Türkiye için stratejik bir fırsat
Frans Timmermans, “Benim de AB ismine burada olmam, bu sürecin devamı açısından sembolik ehemmiyet taşıyor. Bizler, çocuklarımız ve torunlarımız için daha uygun bir dünya, daha uygun bir etraf ortaya koymak durumundayız. Bunun için de şimdiden çalışmaya başlamalıyız. Türkiye ile olan diyaloğumuzun hem AB için birebir vakitte Türkiye için stratejik bir fırsat olduğunu düşünüyorum. Zira ortasında bulunduğumuz politik ortam epeyce şiddetli.

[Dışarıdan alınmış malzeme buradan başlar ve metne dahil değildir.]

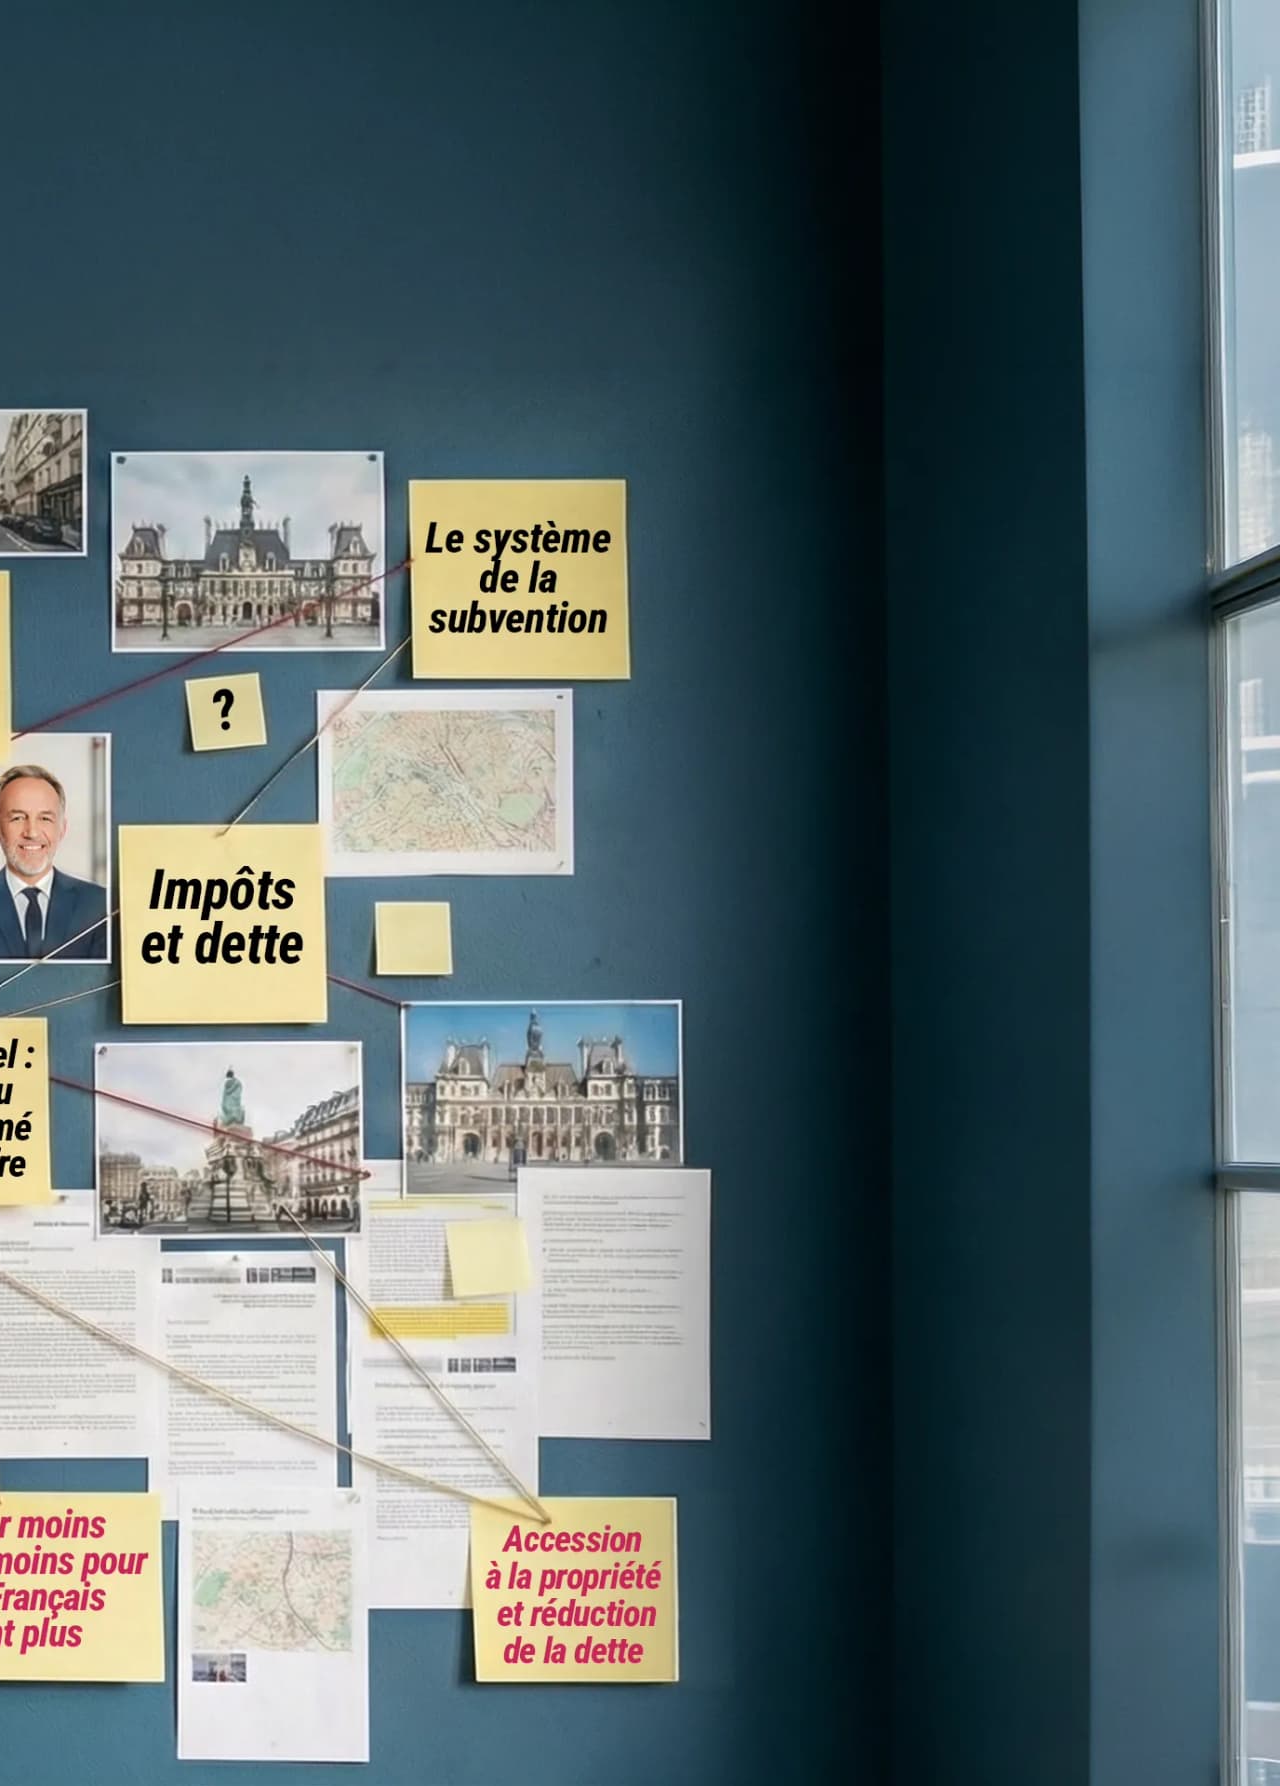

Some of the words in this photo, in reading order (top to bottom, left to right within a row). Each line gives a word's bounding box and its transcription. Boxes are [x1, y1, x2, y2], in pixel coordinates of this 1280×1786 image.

Barbarlığı reddeden ülkelerin bir ortada durması gerekiyor. Ukrayna’nın barışçıl halkına yapılan bu işgali reddeden ülkelerin bir ortada olması gerekiyor” diye konuştu.
Alternatif güç için işbirliği vurgusu
Frans Timmermans iş dünyası ve sivil top örgütleriyle de bir ortaya geldi. TOBB Lider Yardımcısı, İKV Lideri ve KSO İdare Şurası Lideri Ayhan Zeytinoğlu’nun katıldığı görüşmede, Timmermans AB ve Türkiye ilgilerinde karşılıklı fayda temelinde işbirliği yapmanın kritik kıymette olduğunu belirtti. Timmermans, Avrupa Yeşil Mutabakatının Avrupa’yı 2053’te dünyanın birinci iklim nötr kıtası haline getirmeyi hedeflediğini vurguladı. Bu maksada ulaşmak için AB ve Türkiye’nin yakın çalışmasının kıymetine değindi ve bilhassa döngüsel iktisada geçiş, yenilenebilir güç, güneş ve rüzgar gücünün hissesinin artırılması ve yeşil hidrojen üzere alternatif yakıtların üretimi üzere konularda Türkiye ve AB’nin bir arada çalışabileceğini belirtti.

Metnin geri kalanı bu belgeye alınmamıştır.